I totally understand Roxanne’s confusion, because there’s lots of conflicting advice on this topic. This is a question that I tackled in-depth in my book (due out in July!), but I wanted to offer some of this information on my blog as well.

Let’s start by getting our terminology straight.

Starting solids is just the beginning of a slow transition from an exclusive milk diet to a diet of table foods. In some countries, this is also called “weaning,” which is confusing since the same term means stopping milk feeding in the U.S. (i.e. weaning from breastfeeding, weaning from a bottle). “Complementary feeding” is often used in the research and public health worlds. This is an apt term, because the goal with feeding solids to babies is to complement breast milk or formula, which will continue to provide most of babies’ calories through at least the end of the first year.

Should you give your baby solid foods at 4 months, 6 months, or somewhere in between? The research on this question is complex.
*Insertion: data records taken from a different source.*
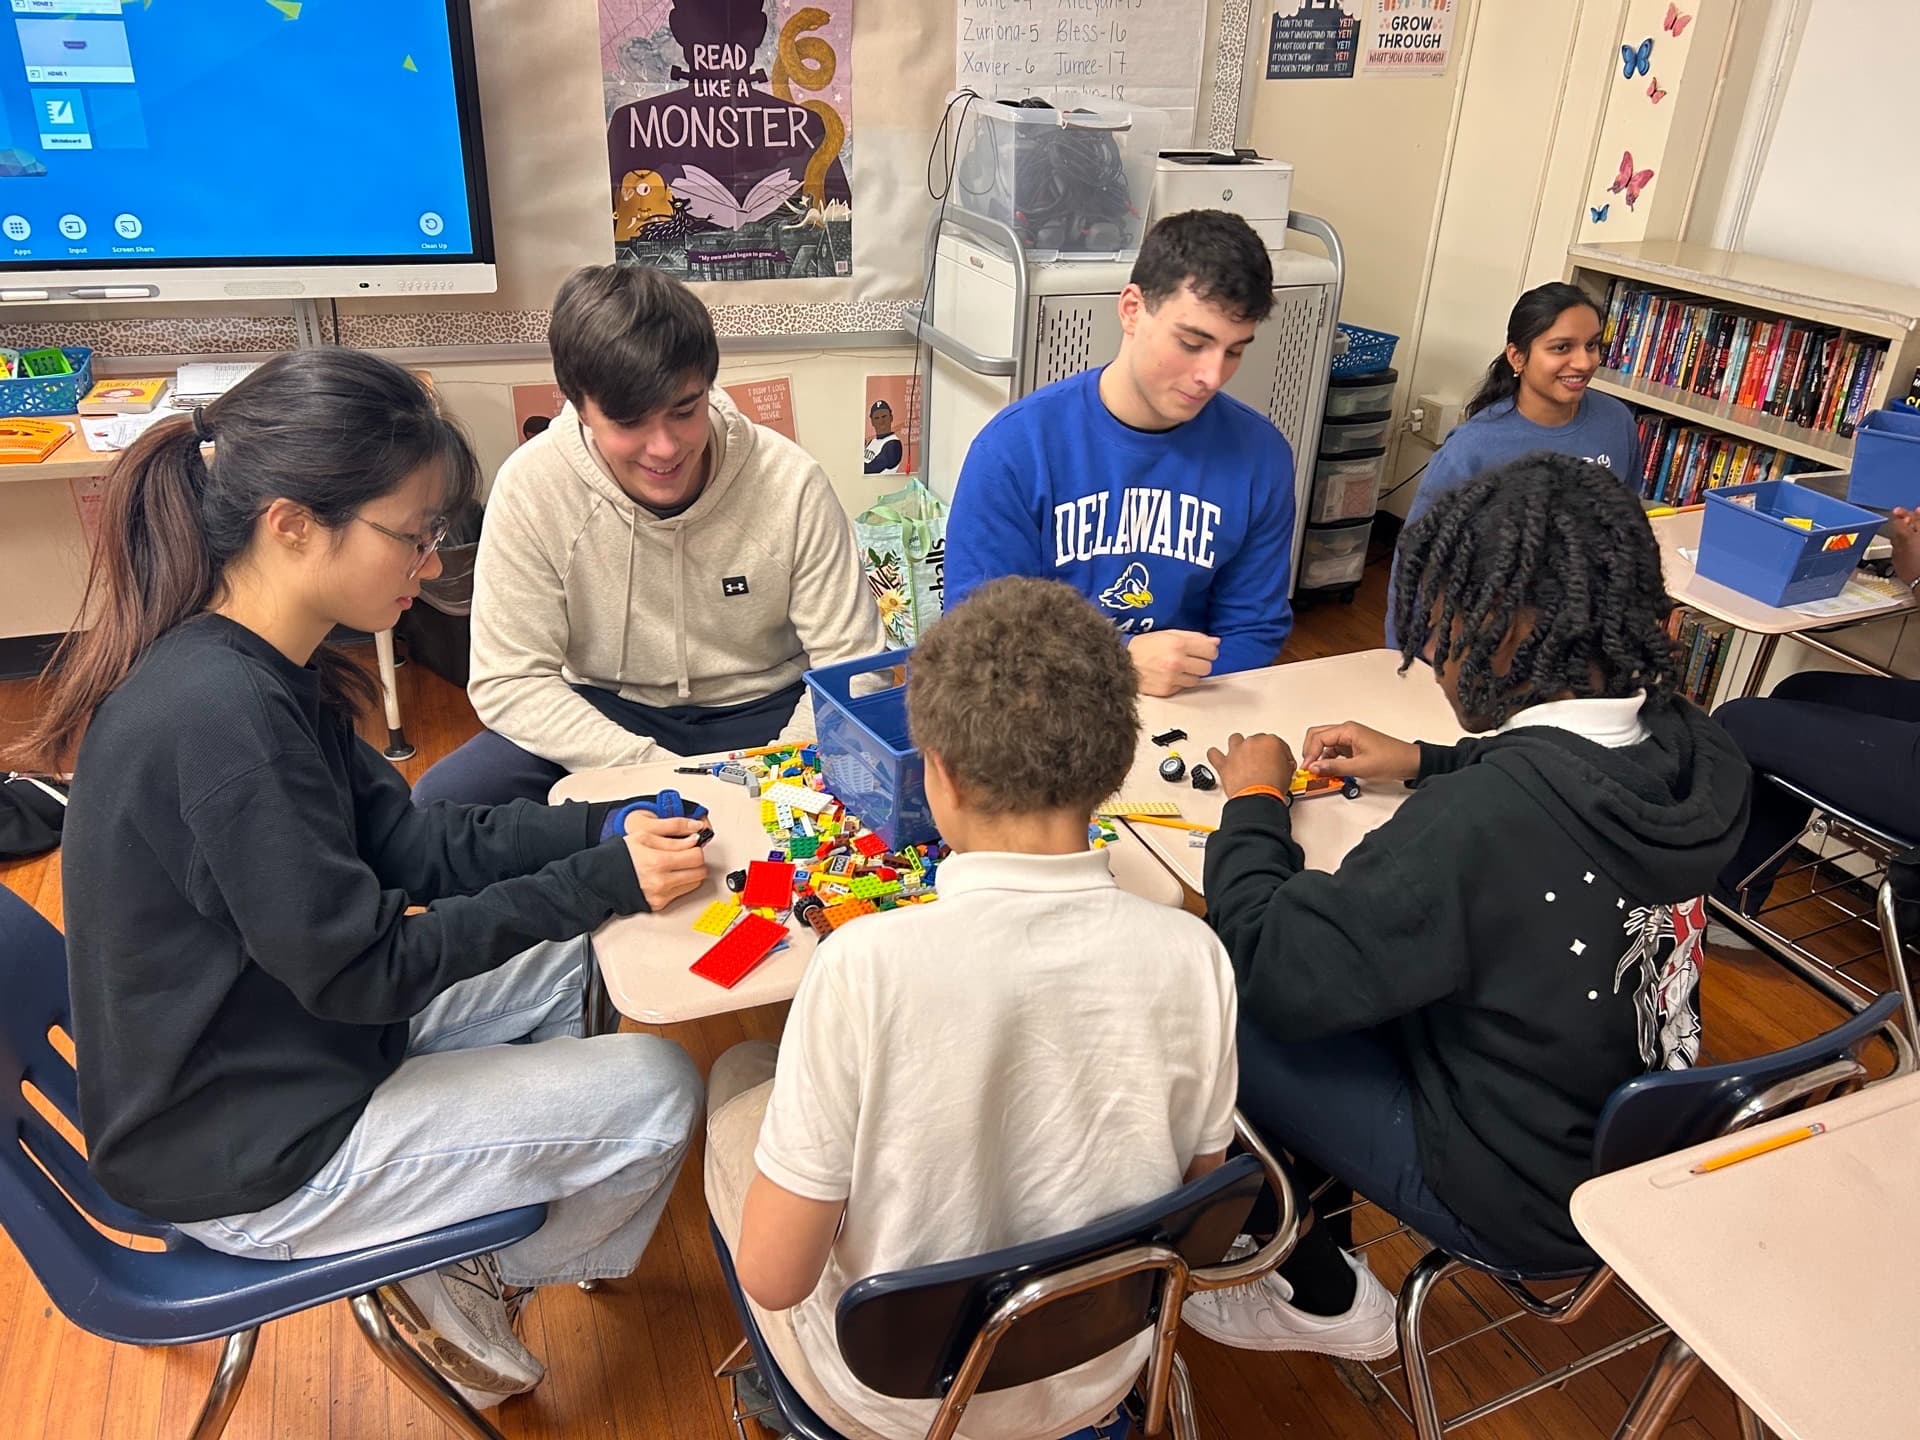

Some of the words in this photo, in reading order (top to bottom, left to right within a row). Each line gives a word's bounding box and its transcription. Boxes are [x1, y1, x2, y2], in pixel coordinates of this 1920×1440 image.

[1391, 15, 1433, 31] GROW
[1378, 33, 1442, 48] THROUGH
[693, 43, 747, 70] READ
[963, 51, 1010, 76] Xavier
[1369, 52, 1389, 64] WHAT
[1389, 52, 1403, 63] YOU
[1404, 52, 1414, 63] GO
[1416, 52, 1445, 63] THROUGH
[694, 79, 731, 98] LIKE
[737, 79, 749, 98] A
[629, 104, 815, 149] MONSTER
[1054, 487, 1222, 569] DELAWARE
Should you give your baby solid foods at 4 months, 6 months, or somewhere in between? The research on this question is complex.

What is the history of starting solids?

There is a common assumption that longer exclusive breastfeeding – and longer delay in starting solids foods – must be more natural, and hence, healthier. But looking at traditional human cultures, with no access to commercial baby food, modern pediatricians, or divisive Internet forums, can give us valuable perspective on what is “natural.” A survey of childbirth and breastfeeding practices in 186 non-industrial cultures reported that solid foods were routinely introduced before 6 months, a finding that surprised the author:

“Contrary to the expectation of a prolonged period of breast-milk as the sole source of infant nutrition, solid foods were introduced before one month of age in one-third of the cultures, at between one and six months in another third, and was postponed more than six months for only one-third.”1

A more recent cross-cultural analysis of 113 nonindustrial populations from around the world found that parenting introduced solid foods before 6 months in more than half, with 5-6 months being the most common time for introduction.2

Human diets and infant care practices vary tremendously around the world, so it’s impossible to say if starting solids at 4 months or 6 months is more natural. As to which is healthier – well, that’s where we need to look at the science.
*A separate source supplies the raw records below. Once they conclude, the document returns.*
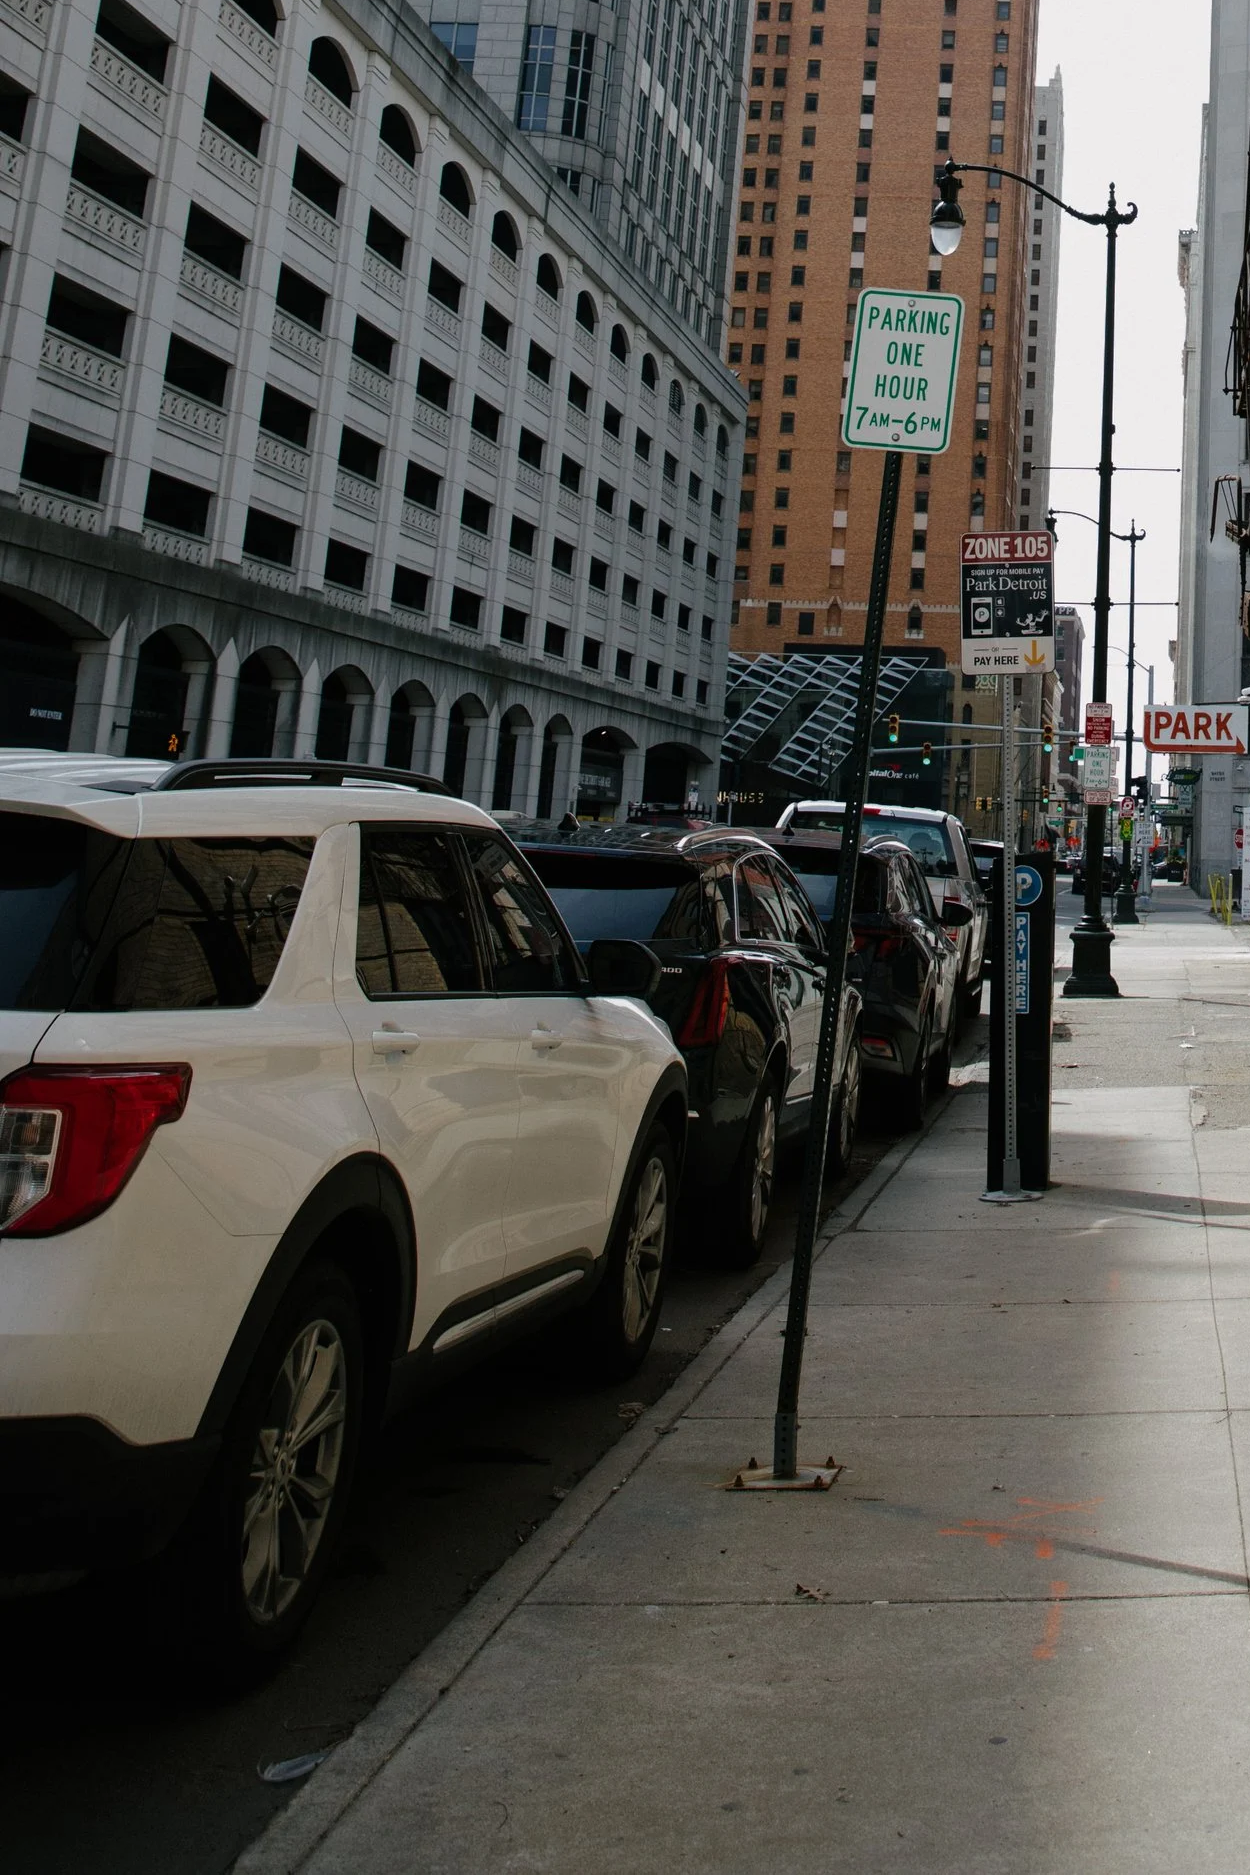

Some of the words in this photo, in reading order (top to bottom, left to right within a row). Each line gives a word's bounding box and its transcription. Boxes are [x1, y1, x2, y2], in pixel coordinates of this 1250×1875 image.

[868, 306, 951, 336] PARKING
[886, 341, 925, 367] ONE
[874, 374, 929, 401] HOUR
[964, 537, 1010, 559] ZONE
[1014, 536, 1049, 558] 105
[1029, 591, 1047, 600] .US
[974, 656, 992, 666] PAY
[994, 656, 1019, 666] HERE
[1154, 712, 1233, 741] PARK
[1087, 751, 1109, 759] PARKING
[1016, 873, 1033, 900] P
[1016, 916, 1026, 954] PAY
[1016, 959, 1026, 1009] HERE
What is the official advice about starting solid foods?

Public health and professional organizations fall into two camps when it comes to recommendations about solids foods: they either recommend starting between 4 and 6 months OR at 6 months. There are well-respected organizations on both sides.
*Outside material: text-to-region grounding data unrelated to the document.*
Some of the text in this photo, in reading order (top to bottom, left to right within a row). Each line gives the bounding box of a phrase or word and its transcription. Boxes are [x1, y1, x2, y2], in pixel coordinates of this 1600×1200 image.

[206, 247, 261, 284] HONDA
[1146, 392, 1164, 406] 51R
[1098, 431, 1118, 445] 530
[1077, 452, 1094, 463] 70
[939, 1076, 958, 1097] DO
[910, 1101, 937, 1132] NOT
The World Health Organization (WHO), tasked with making recommendations for the entire world, “recommends that infants start receiving complementary foods at six months of age in addition to breast milk.” They also make it clear that solid foods are important, as the period of late infancy is a time of rapid growth and development, and breast milk alone just isn’t enough for most babies. “Complementary feeding should be timely, meaning that all infants should start receiving foods in addition to breast milk from 6 months onwards.” The government recommendations in Australia [PDF] and the U.K. mirror the WHO’s advice.

The European Society for Pediatric Gastroenterology, Hepatology, and Nutrition (ESPGHN) calls 6 months of EBF “a desirable goal.” But they also add, “In all infants… the introduction of complementary foods should not be before 17 weeks but should not be delayed beyond 26 weeks.”3 [PDF] In their statement on breastfeeding [PDF], the same committee writes, “In industrialized countries, there is at present no scientific evidence that introducing complementary foods to breastfed infants between 4 and 6 months of age is a disadvantage relative to introduction after 6 months.”4 The European Food Safety Authority came to similar conclusions [PDF].5

In the U.S., the American Academy of Pediatrics (AAP) 2012 Policy Statement, “Breastfeeding and the Use of Human Milk [PDF],” written by the AAP’s Section on Breastfeeding, recommends “exclusive breastfeeding for about 6 months, followed by continued breastfeeding as complementary foods are introduced…”6

However, scroll around the AAP’s website for parents, and you’ll find that the advice there focuses on developmental readiness (holding head up, sitting up, opening mouth for food, etc.) rather than age. Only later, in an italicized note, do they mention, “The AAP recommends breastfeeding as the sole source of nutrition for your baby for about 6 months.” There is no mention of what to do if you aren’t exclusively breastfeeding or of why it might be important to wait on solids until 6 months if you’re breastfeeding but not if you’re feeding formula (or some combination of the two).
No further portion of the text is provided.